Il libro verità. Tutte le tecniche truffaldine dei mafosi smascherate dal Presidente onorario della Fondazione Caponnetto

“Oggi lo Stato dimostra che quando si unisce, quando le norme vengono applicate, quando nella lotta alla mafia si fanno i fatti attraverso un impegno costante, si da’ la possibilita’ alle forze dell’ordine e alla magistratura di d’intervenire”. A dirlo Giuseppe Antoci, presidente onorario della Fondazione Caponnetto, davanti all’aula bunker del carcere di Gazzi dove si celebra la prima udienza del processo dell’operazione antimafia “Nebrodi” contro la mafia dei campi. “L’attivita’ di oggi – prosegue l’ex presidente del Parco dei Nebrodi, padre del ‘Protocollo Antoci – dimostra che in tutti questi lunghi anni nessuno provava a entrare in questo meccanismo per paura e per connivenze, molti hanno perso la vita, ci sono tanti omicidi non risolti nel territorio dei Nebrodi ed è chiaro che abbiamo iniziato questa attivita’ per difendere la brava gente, tutto nasce per difendere un gruppo di agricoltori, non pensavamo che da li si potesse scoperchiare un vaso di Pandora che rappresenta un enorme finanziamento alle mafie nel nostro paese” .” A poco a poco – aggiunge – abbiamo capito l’importanza del nostro lavoro, la scelta era di cambiare strada, abbassare gli occhi e piegare la schiena o continuare con forza pensando che come dico sempre ci sono tanti modi per morire: si puo’ morire in attentati di mafia come sono morti tanti valorosi uomini dello Stato ma si puo’ anche morire di silenzio pensando che anche tu sei vittima e connivente di un meccanismo di silenzio che arma le mani della mafia.
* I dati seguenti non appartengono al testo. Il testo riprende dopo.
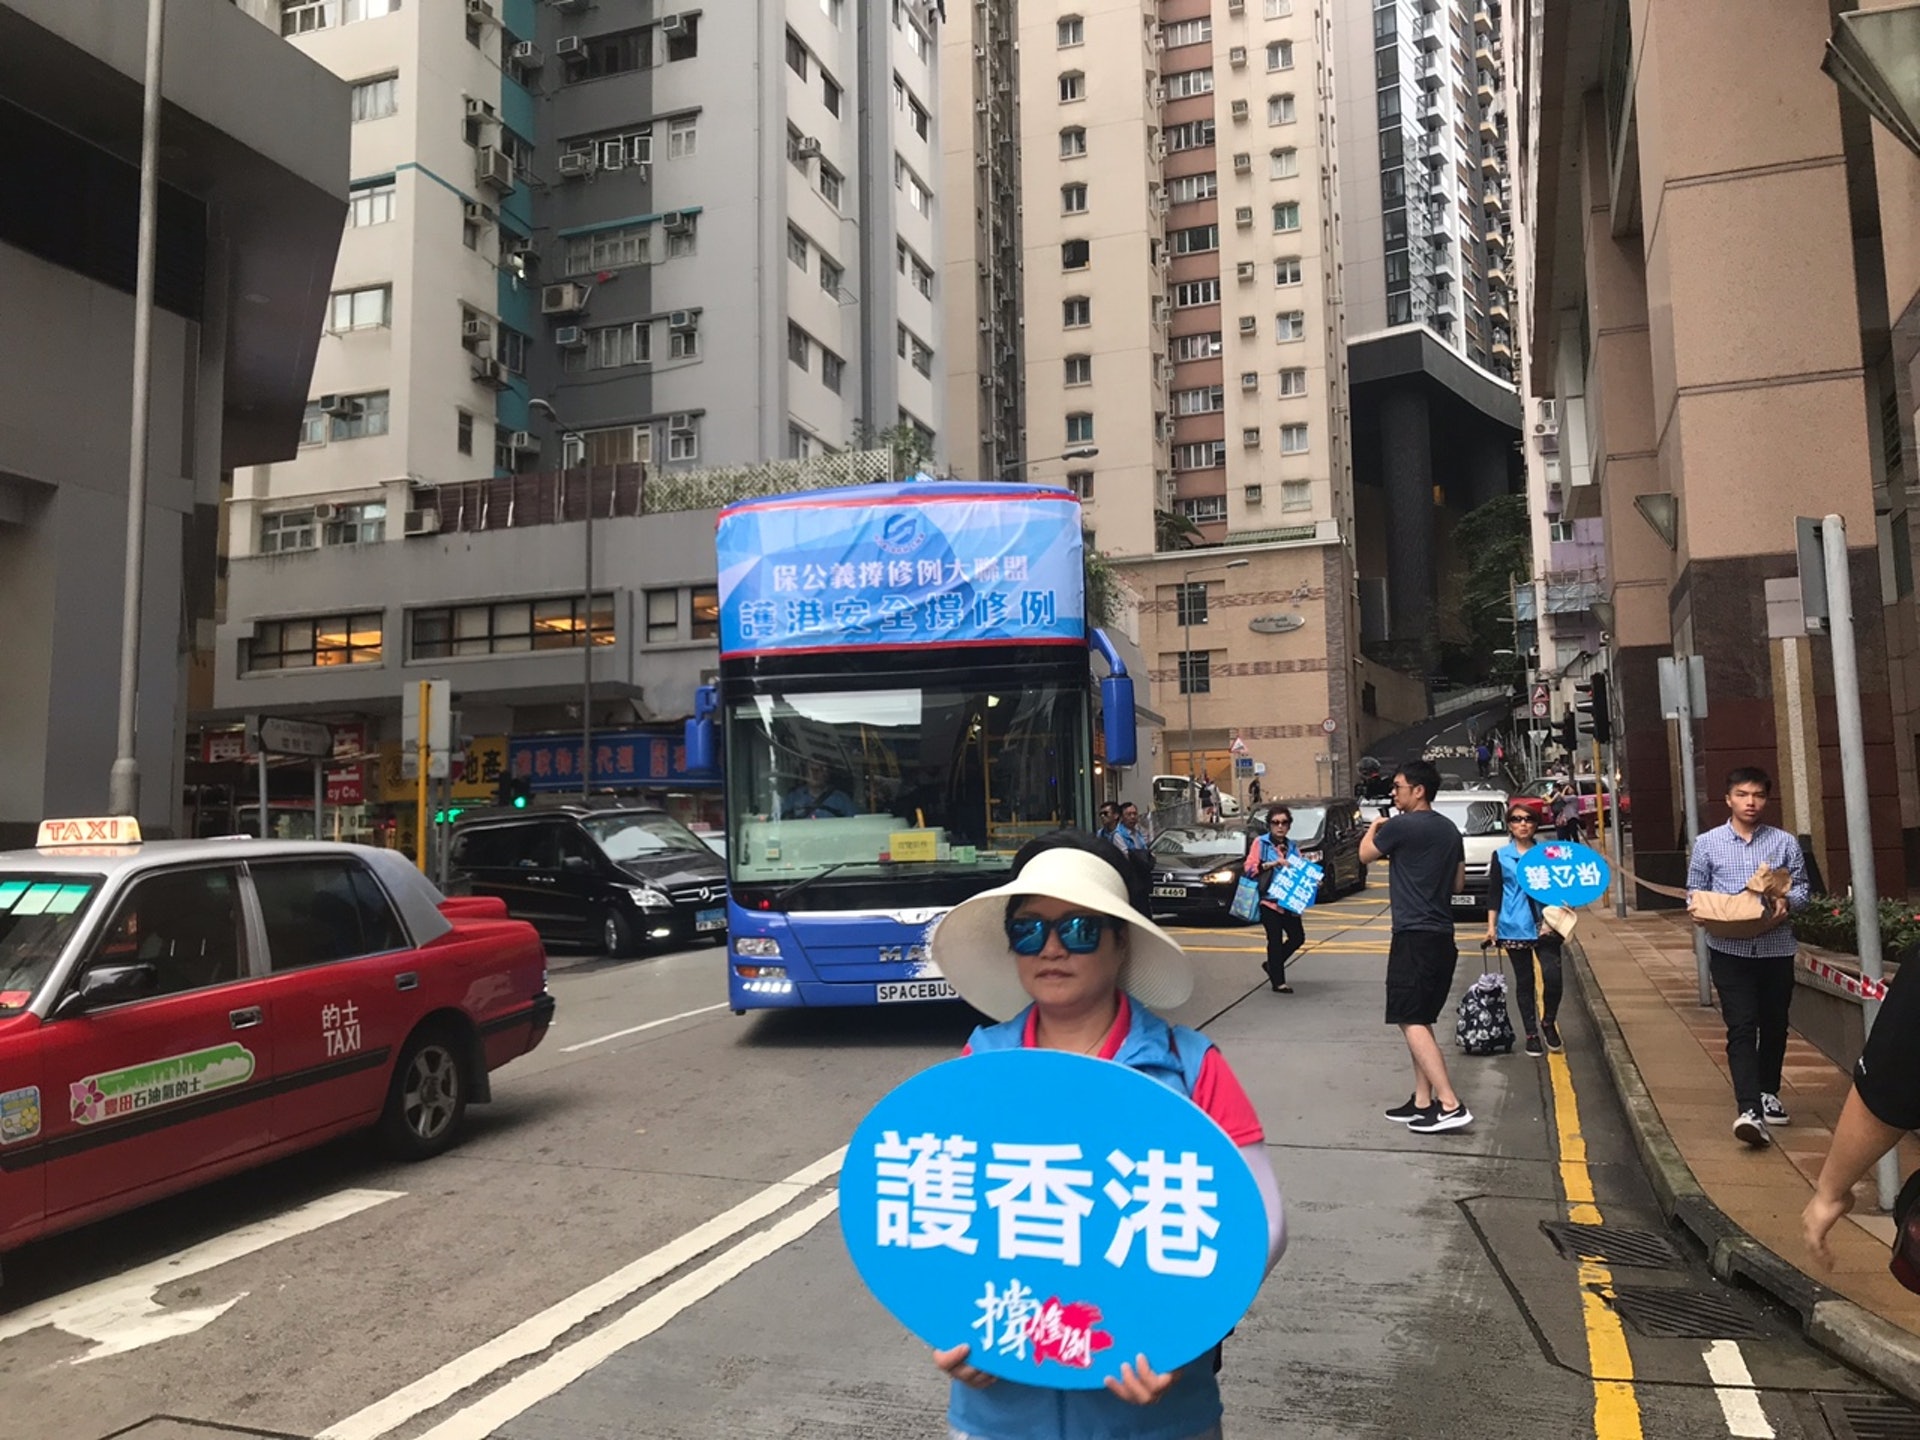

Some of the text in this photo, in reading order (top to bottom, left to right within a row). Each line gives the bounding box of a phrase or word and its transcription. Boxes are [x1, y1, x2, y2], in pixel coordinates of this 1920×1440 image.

Oggi con me ci sono il senatore Giarrusso e l’onorevole Piera Aiello della commissione nazionale antimafia , l’onorevole Di Pasquale della commissione regionale antimafia. Tante persone ieri mi hanno telefonato per dire andiamo avanti. Oggi siamo qua per guardare negli occhi coloro che hanno tenuto in ostaggio un territorio e ai nostri occhi sono uniti quelli delle brave persone che per anni hanno subito vessazioni, impoverimento, umiliazioni. Quegli occhi porteremo nell’aula bunker del carcere di Messina , e lo dedicheremo a coloro che non ci sono piu’ che per la lotta alla mafia hanno perso la vita e vorrei dedicare anche ai valorosi uomini della mia scorta che quella notte mi hanno salvato la vita”.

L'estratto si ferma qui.